One of the most cherished events – historically, spiritually, and personally – of any annual conference session is the Service of Recognition, Commissioning and Ordination. Not only a “mass gathering” of the type not able to be safely held during the pandemic, ordination and commissioning require the bishop laying hands on each individual. That sacred act will take place at the 2021 annual conference. In the meantime, the Clergy Session held on Tuesday, July 28, had the authority to ratify candidates for ordination as “full members” and candidates for commissioning as “provisional members” of the Michigan Conference.

Clergy Assistant to the Bishop John Boley observes, “So, we are in the unique position of having provisional members who are not commissioned and full members who are not ordained.” Nevertheless, these new membership statuses will allow those persons to function in their new membership roles and to receive salary and benefits commensurate with their new status. May next year’s celebration with colleagues, family, and friends be doubly sweet.

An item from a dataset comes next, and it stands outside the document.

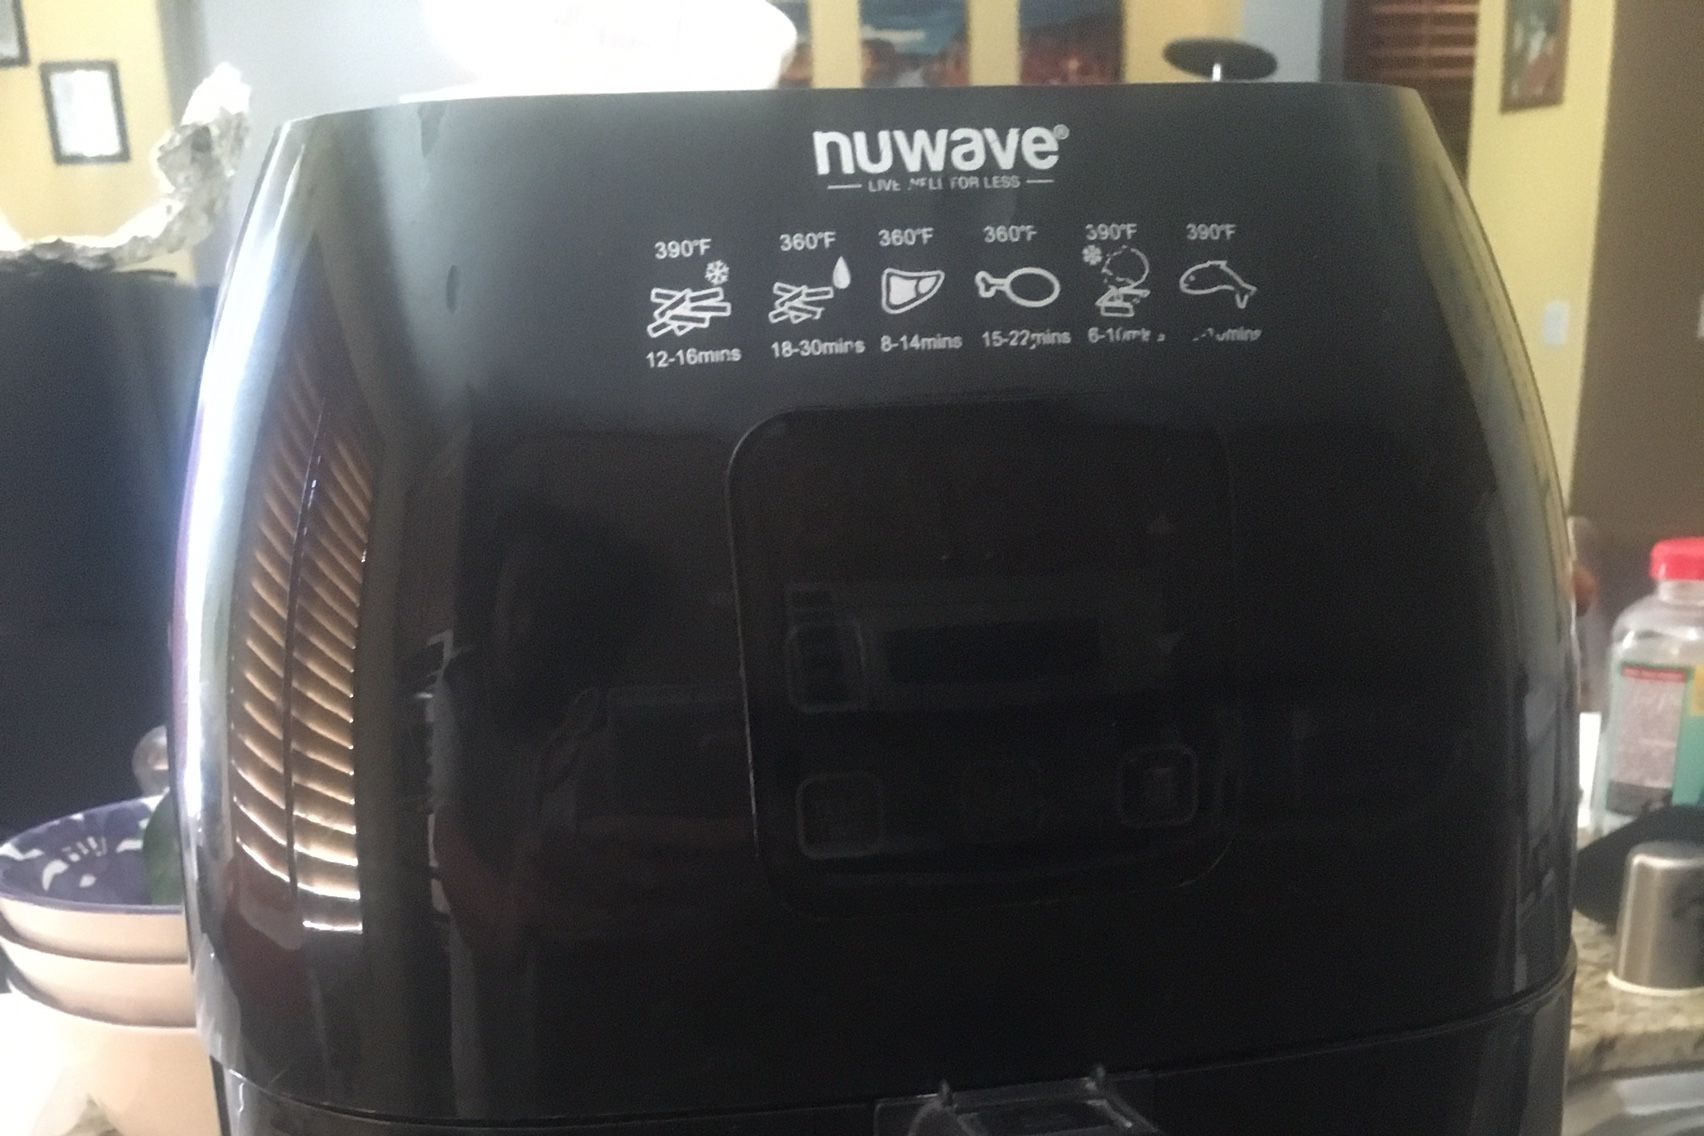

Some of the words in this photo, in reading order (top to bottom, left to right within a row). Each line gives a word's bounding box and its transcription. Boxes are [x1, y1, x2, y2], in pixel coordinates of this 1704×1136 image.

Those voted into full membership in The Michigan Conference by the 2020 Clergy Session include (Deacon) Rodney G. Gasaway; (Elders) Dillon S. Burns, Matthew D. Chapman, Elise R. Low Edwardson, Cydney M. Idsinga, and Mary K. Loring.

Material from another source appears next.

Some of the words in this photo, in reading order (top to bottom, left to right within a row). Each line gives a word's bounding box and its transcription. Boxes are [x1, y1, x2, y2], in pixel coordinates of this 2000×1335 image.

Those voted into provisional membership: (Deacon) Michelle M. King; (Elders) Nicolas R. Berlanga, Martin T. Cobb, Jessica M. Davenport, Eric M. Falker, Susan E. Hitts, Suzanne L. Hutchison, Ryan C. Low Edwardson, Scott W. Marsh, Kellas D. Penny III, Paul C. Reissmann IV, Joyce L. Vanderlip, and Jenaba R. Waggy.

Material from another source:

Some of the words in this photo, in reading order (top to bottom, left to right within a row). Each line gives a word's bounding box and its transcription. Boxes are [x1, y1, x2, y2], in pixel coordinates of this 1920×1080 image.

Bishop Bard expressed his congratulations to these persons and acknowledged that it was not an easy decision to forego ordination. “We talked about individual services, but that didn’t capture the fullness of the community we celebrate. I look forward to being able to commission, ordain, and recognize these persons next year. We would be standing and applauding for you at this point. Know your clergy colleagues are doing that from wherever they are participating in annual conference.”

Faces of Retirees shared at Clergy Session
Cora Glass read the names of 2020 retirees in a montage shown during the Clergy Session. The Rev. Dominic A. Tommy was among 52 deacons, elders, and local pastors who retired as of July 1. ~ mic video/screenshot

He later added, “It is a strange time to be in ministry.” He repeated, “I have deep grief that we are not doing ordination. It is poignant that an act as simple and powerful as laying hands on someone else has become a dangerous thing. We’ve got to be so careful with the virus.” He then sang a verse of The Servant Song “as a prayer for all of us.”

Fifty-two clergy persons were appointed to retirement as of July 1. Typically, these individuals would be recognized during Celebrating the Journey of Ministry. In 2020 retirees were named in a video montage during Clergy Session. After the montage aired, Bishop Bard noted, “This is another moment when we would stand and applaud. Know friends that we are doing that in our hearts.”  A future gathering time for the 2020 retirees hinges on the unfolding pandemic. Like the ordinands, they will be publicly recognized at the 2021 Annual Conference. Click here for a listing of their names.

United Methodists across The Michigan Conference join Bishop David Bard in saying, “One of the things I really miss about not being together in person is such celebrations.” While hugs and handshakes and congratulations could not be offered face-to-face, God’s blessing surely rests on those named in this report.